The General Motors defective ignition systems led to the deaths of at least 19 people in crashes of vehicles, and the death toll could be much higher.

The internal investigation provided to GM's Board after the carmaker eventually recalled vehicle's equipped with the defective ignitions was scathing, pointing to GMs byzantine culture where numerous departments failed to have any idea of events taking place on issues related to the defective ignition switches.

And Congress has held hearings, where members issued equally scathing statements regarding the National Highway Traffic Safety Administration (NHTSA), the agency responsible for regulating the car companies and improving traffic safety.

One congressional representative called the acting head of the agency the "the face of failure."

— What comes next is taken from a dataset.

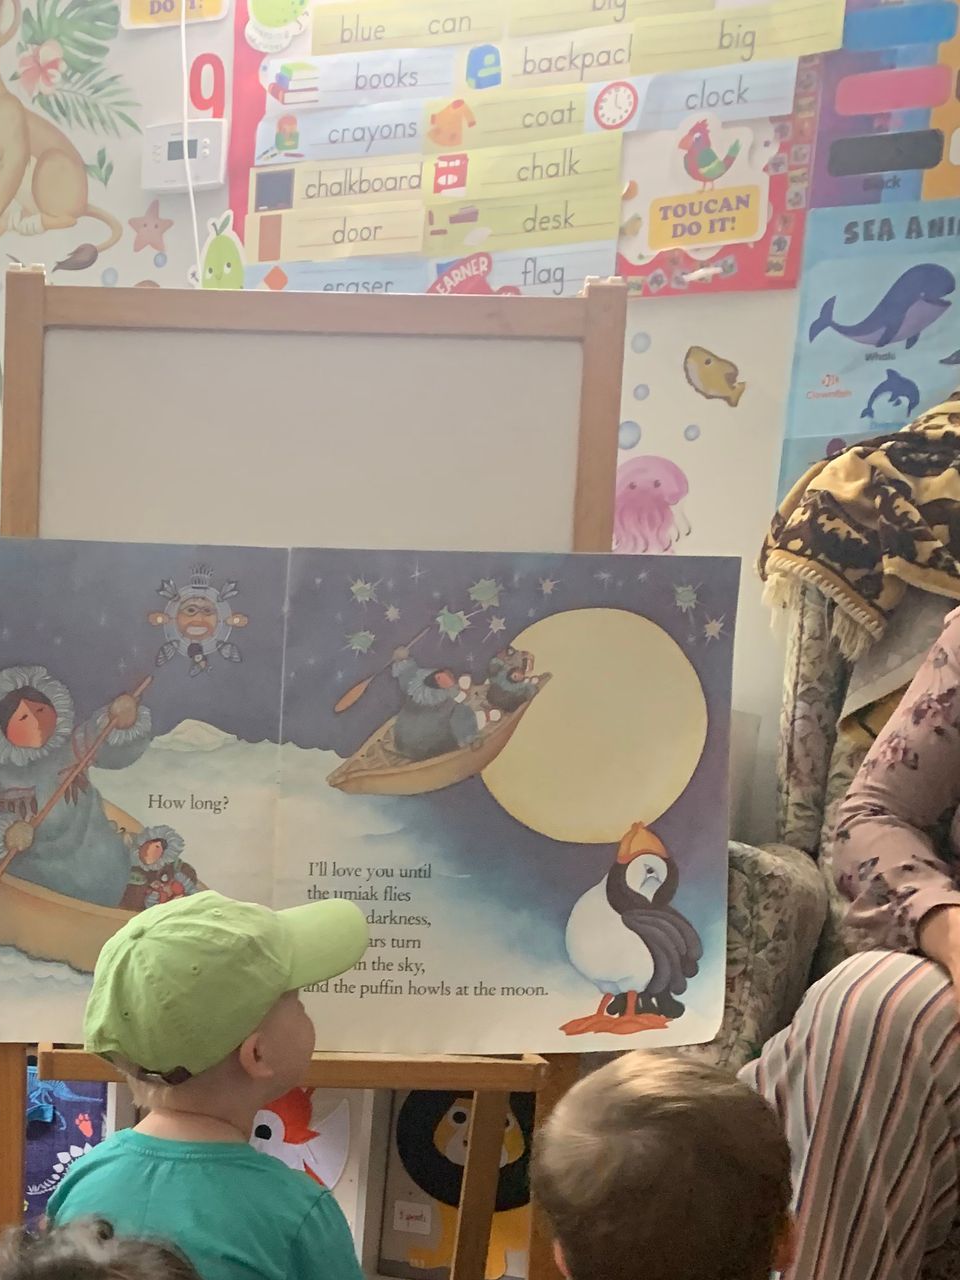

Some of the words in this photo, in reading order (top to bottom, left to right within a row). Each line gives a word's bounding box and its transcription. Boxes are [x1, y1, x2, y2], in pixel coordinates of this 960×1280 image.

It is true the agency should have discovered the defective switches far earlier than 2014, when GM finally recalled cars with the dangerous switches. NHTSA received information regarding one tragic crash from a state trooper that should have alerted the agency to the problem in 2007.

But if the chief of NHTSA is the face of failure, then Congress should be careful about looking in the mirror. It is Congress that provides the funding and sets the agenda for the NHTSA to create regulations and procedures to enforce those laws and regulations.

And don't forget, GM itself, failed to detect the problem for years, even after they were sued and their legal department was working on the case.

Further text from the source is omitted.